Another LHS teacher, Patricia Clark, is looking forward to the critical-thinking skills she will be trying to instill in her history classes. Her students, and the rest of those taking subjects within the Essential Standards perimeters, will no longer be taking End of Course tests, but will be taking Measurement of Student Learning (MSL) tests, which will have more written response-questions and fewer multiple choice problems; an attempt to have children show that they understand what they learn in class. There will no longer be an option for students to opt-out of taking final exams because of high performance in courses, either.
“What it boils down to, is that students are going to use more critical thinking across the board,” Clark said. “They will be using primary documents as resources and will learn about what’s going on in a global sense, which fulfills one of the missions of the standards — creating global citizens.”
Civics courses will roll out the new curriculum next week, but students enrolled in World History won’t have to worry about the standards until 2014, as it will be split into two American History courses.
Clark said LHS teachers will be working with middle-school instructors to review what those students are learning, to make sure they are on the path to entering high school on the level they should be on. An online resource called Live Binder was created for instructors to browse documents to later use with their students, which can be shared and used by any teacher who uses the tool.
Across the county at North Lincoln High, Health and Physical Education teacher Jay Thomson will also be working with the new Essential Standards curriculum in his classroom.
One of the more tangible changes he will see this year is the switch from using a textbook to teach to having all of his materials on a flash drive to present to the students through Power Point and other presentations.
He plans on being more collaborative with his students and faculty, not just handing out papers and leaving students to figure things out on their own, though there will be periods where students will be working independently on their assignments. During the nutrition part of his course, he plans on having students physically collect certain items, rather than standing at the front of the class and lecturing on where certain foods come from, he said.
Thomson will also be incorporating another new tool next week, switching out the Food Pyramid concept for My Plate. The main difference between the two is in measurements.
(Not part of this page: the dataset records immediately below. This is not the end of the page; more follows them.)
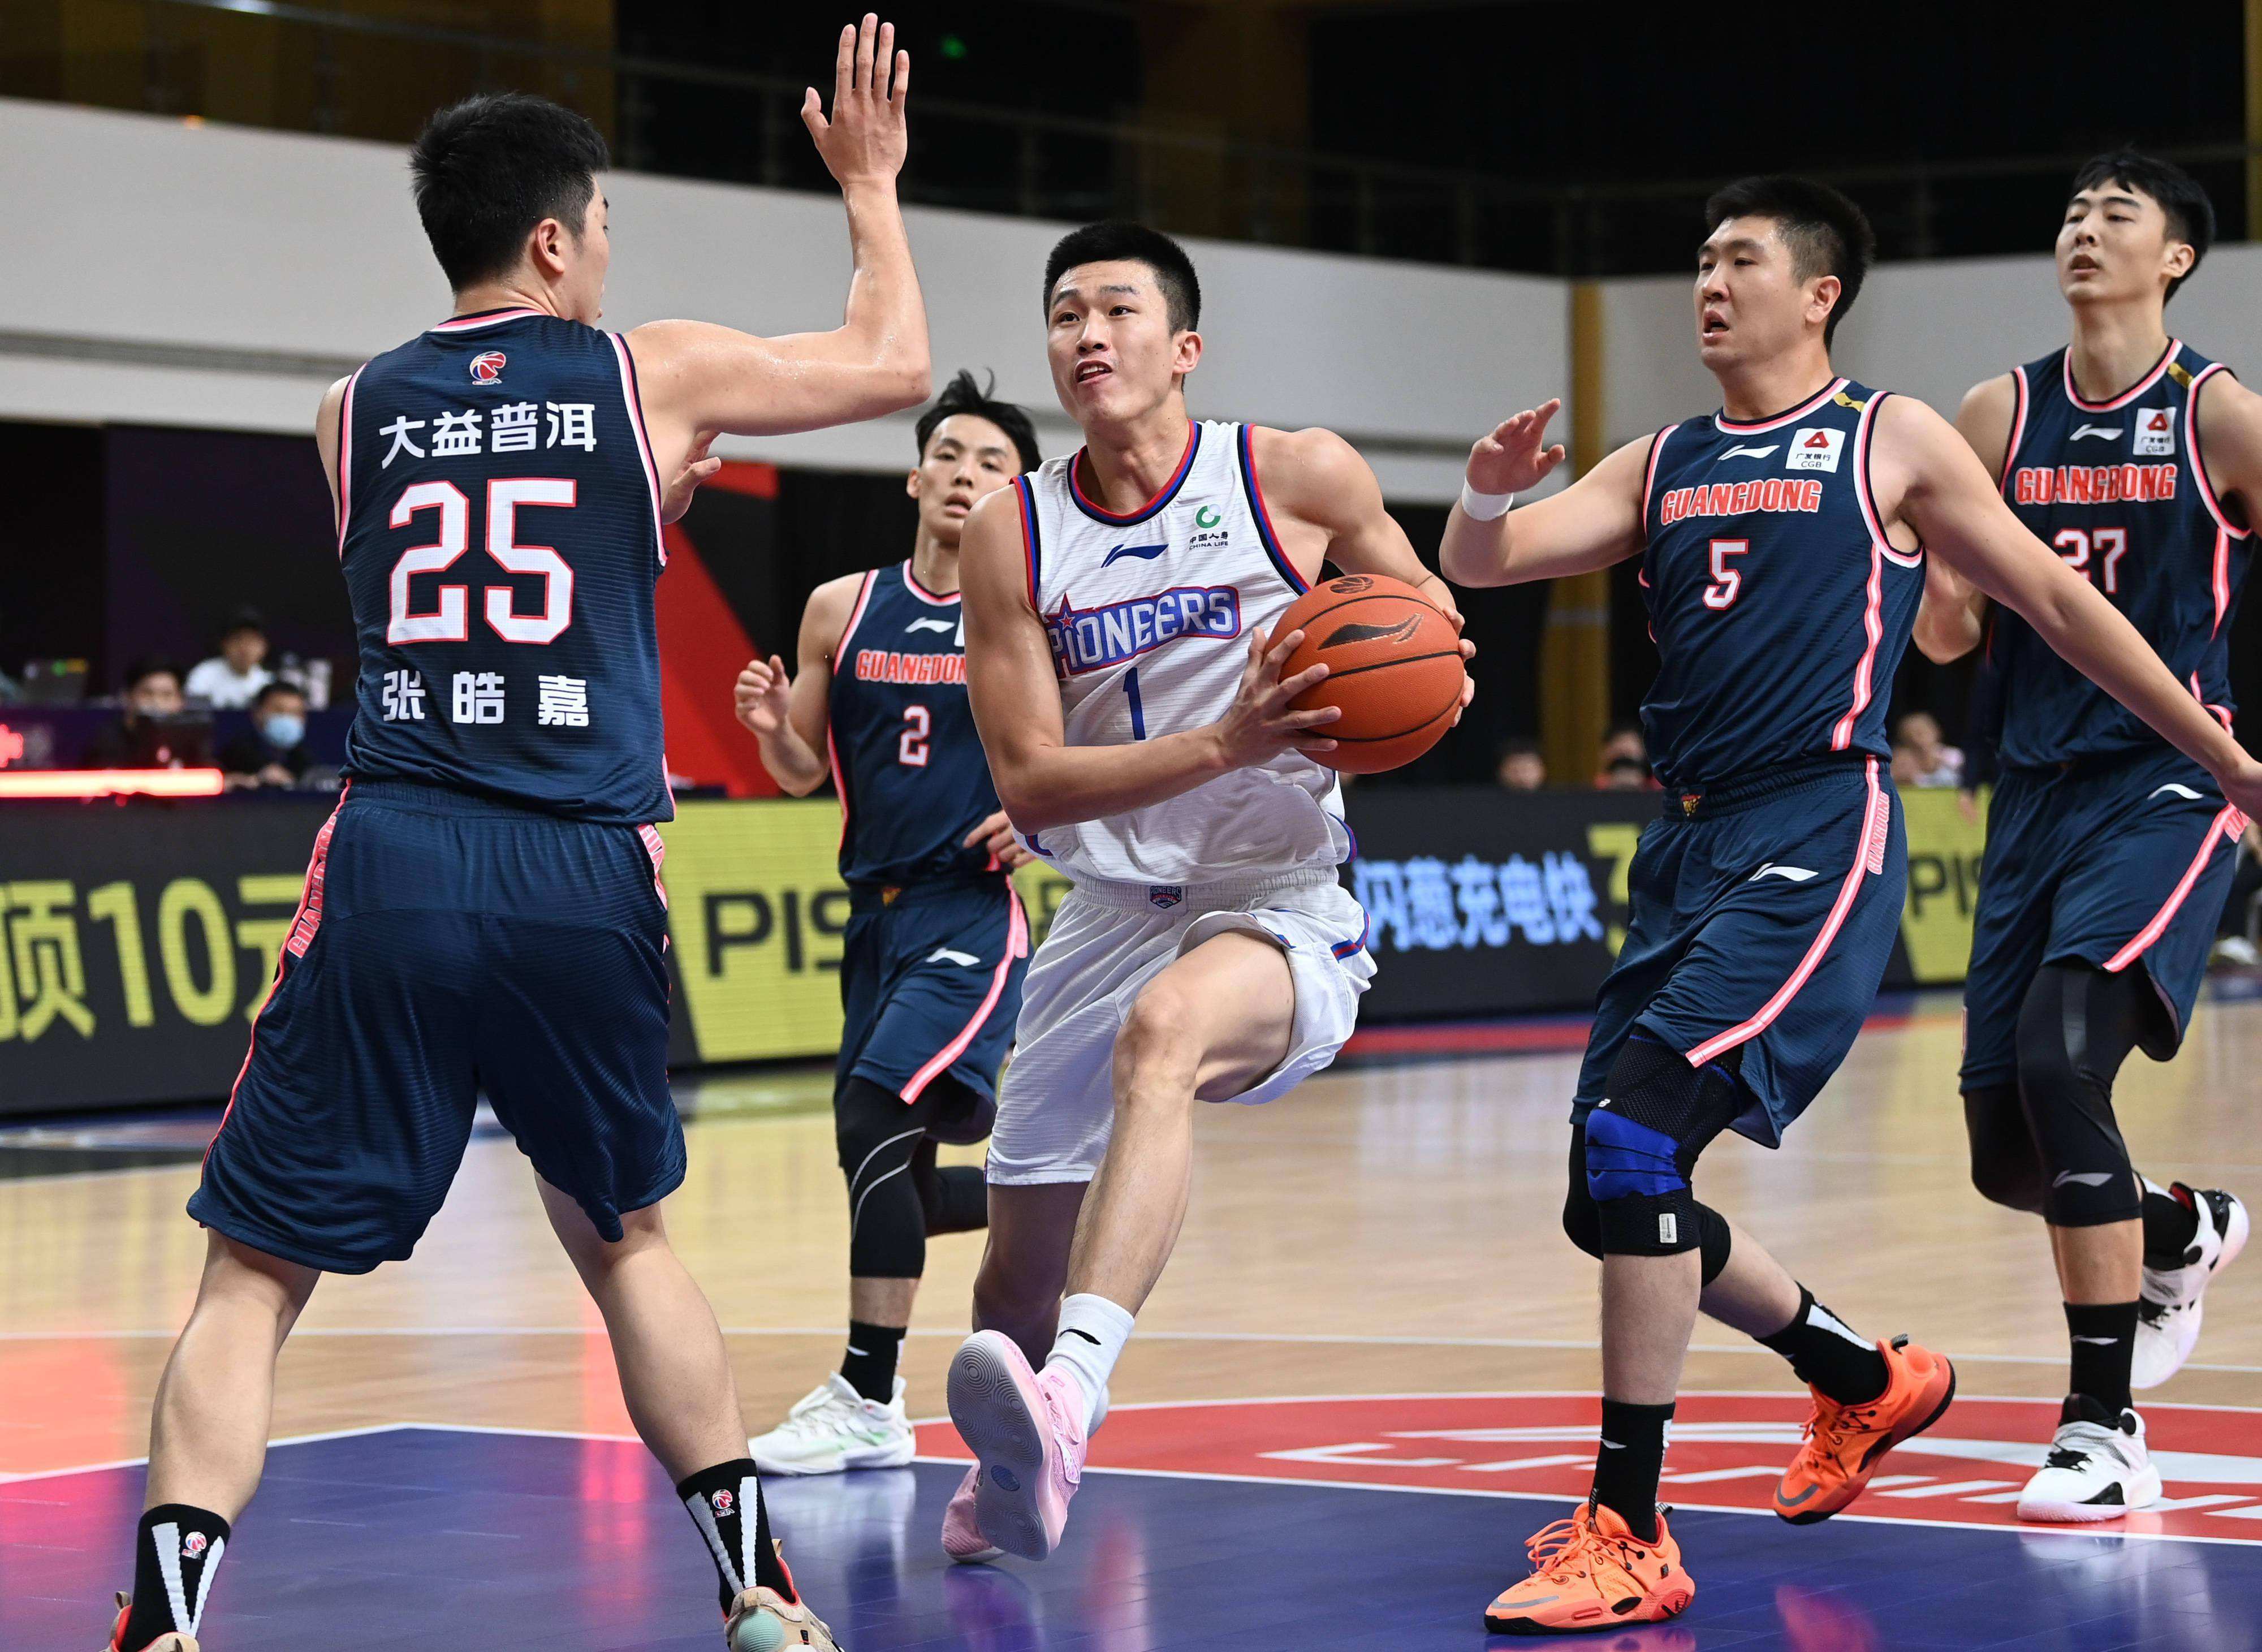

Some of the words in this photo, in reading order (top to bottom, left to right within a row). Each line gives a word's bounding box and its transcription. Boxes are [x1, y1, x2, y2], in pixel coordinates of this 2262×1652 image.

[379, 401, 597, 469] 大益普洱
[1661, 478, 1823, 525] GUANGDONG
[387, 478, 577, 645] 25
[1189, 531, 1228, 544] 中国人寿
[1702, 539, 1749, 610] 5
[1047, 591, 1233, 668] PIONEERS
[382, 670, 590, 727] 张皓嘉
[1123, 667, 1146, 740] 1
[899, 705, 930, 767] 2
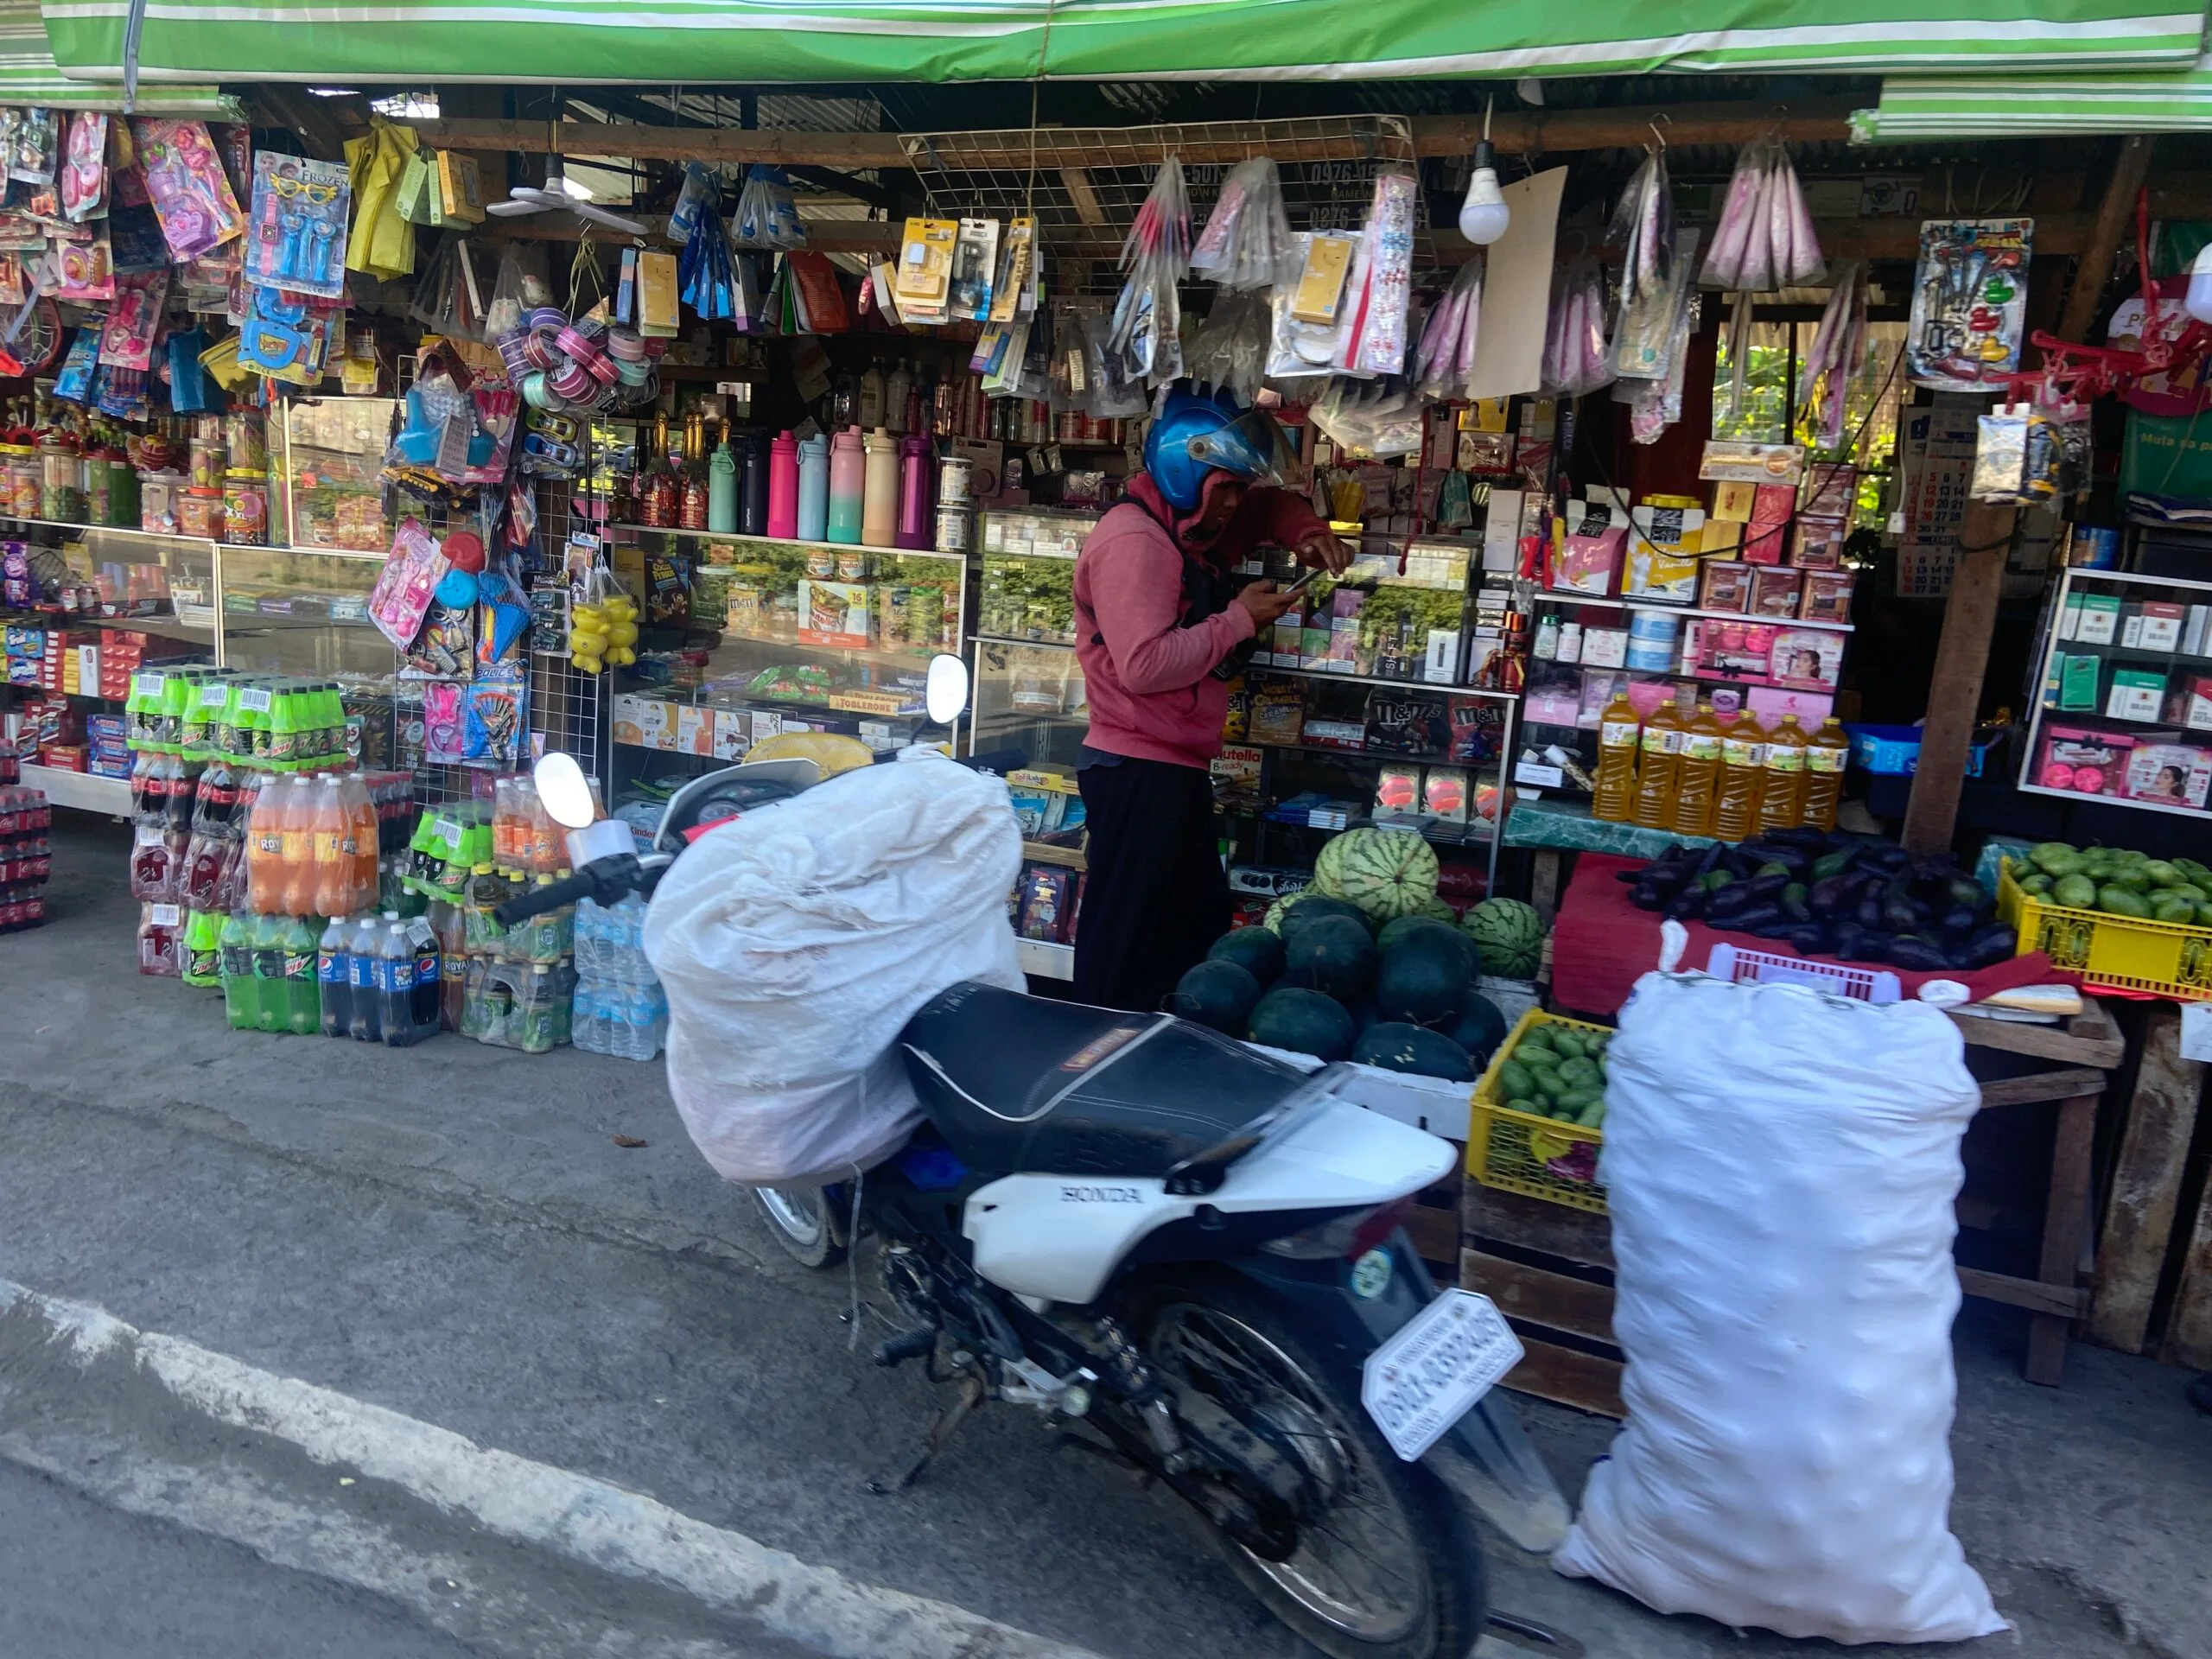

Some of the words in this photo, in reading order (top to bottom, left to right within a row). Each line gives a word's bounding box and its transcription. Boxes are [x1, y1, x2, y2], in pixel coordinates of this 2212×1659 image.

The pyramid referred to serving sizes for each category, while the plate illustrates proper portions. The circular image shows different foods sectioned off onto the plate, giving a visual for what a proper portion should look like. The new idea replaces the “outdated” pyramid that Thomson believes is not as relevant to today’s students.
The changes in his syllabus also call for discussion of other sex-related topics, not just “sex ed,” he said. Students will be learning about sexually transmitted diseases, abstinence and other preventative methods — a more detailed approach. There will also be a showing of a child birth during his course, which parents will have the option to say decline on the permission slip.
“We’re moving toward 21st century schools; getting away from sitting at your desk and writing answers on a piece of paper,” Thomson said. “We’re teaching them how to problem solve.”